Audium was a NEA-grant-funded experiment in art and engineering, an early effort to create a purely auditory environment. Sound moves over, around, beneath and through the listeners, creating a three-dimensional environment that is purely experienced through the ears. The music is a mix of pre-recorded loops that originated in the early ‘70s and has never been updated - what makes it performance art is the way the recordings are routed through and around the room from a big analog control panel.  When I attended 15 or more yeas ago, someone sitting near me mentioned that he hadn’t been there for 20 years - but the music was basically the same. “Would you come again?,” his friend asked him. “Naw, probably not,” he admitted.

And honestly, today’s audience can’t go there expecting the installation to hold up so well these forty full years since Audium opened. You hear more auditory innovation now in a 30-second movie theater promo for THX than you do in close to an hour of Audium’s well-worn repertoire. It’s fascinating to hear, but as an artifact, it has survived beyond its acutal relevance to become true living history.

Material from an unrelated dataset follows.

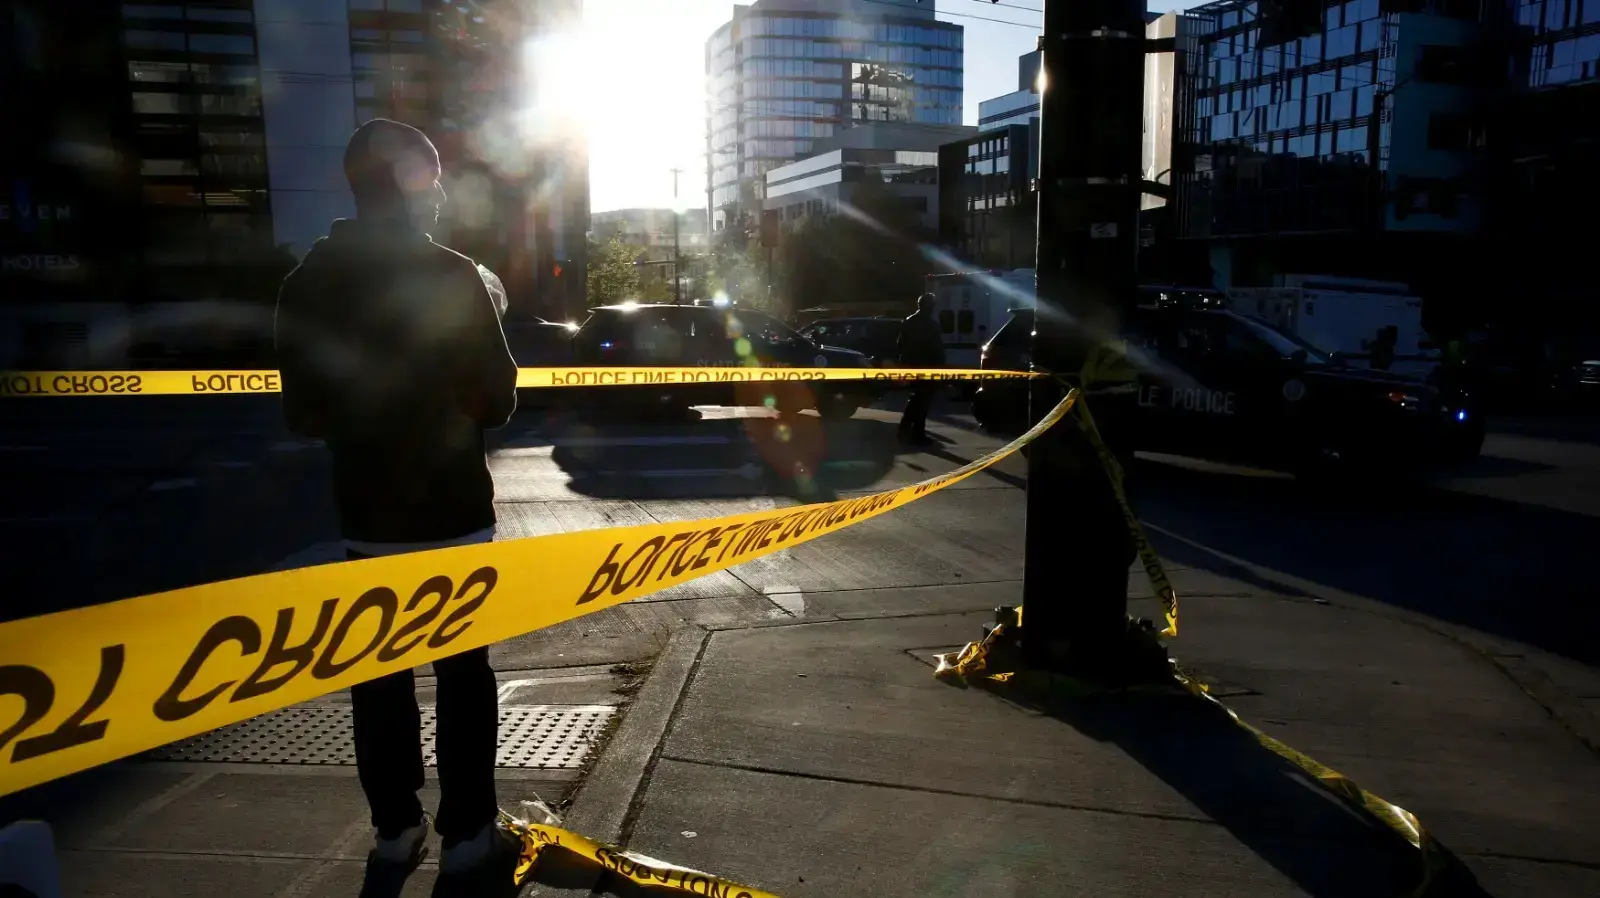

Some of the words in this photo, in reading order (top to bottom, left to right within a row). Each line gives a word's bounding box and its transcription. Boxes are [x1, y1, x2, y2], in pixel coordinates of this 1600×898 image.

[0, 202, 71, 220] EVEN
[1, 254, 80, 270] HOTELS
[1172, 387, 1237, 415] POLICE

Each day that I whip past Audium on the 1BX, my earbuds bubbling syncopations directly into my brain, my iPod possessed of a larger library than radio stations had in 1972, I acknowledge that place as a monument to an unusually ephemeral phenomenon - the State of the Art. Art has moved on, and its State has been radically transformed, since Audium reduced it to a concrete pinnacle. This was as good as it got 40 years ago, exactly this.  Now it’s a museum - not a museum of the possible, but a museum of our historical experience. We’re so far past the limits Audium approaches that these limitations themselves become our reason to visit, so we can look back and see how we got where we are. We need these institutions to preserve bygone culture as it actually existed, not just as we recall it. By showing us the path we’ve historically taken, they illuminate so many more possibilities before us and help us choose wisely among them.

I consider myself very lucky that I stumbled onto the audio exhibit at SFO. As I readied myself that afternoon to board another boring jetliner so I could transcend again the bounds of space and gravity, I appreciated the reminder of the innovation and artistry engaged throughout the course of the technological development of sound reproduction that I now take so for granted that I wonder if something’s wrong if I don’t hear recorded music around me. And I’m even luckier to go past the permanent wing of that exhibit several times a week. Yeah, I’d probably go back to Audium again - just to take a little vacation in the past.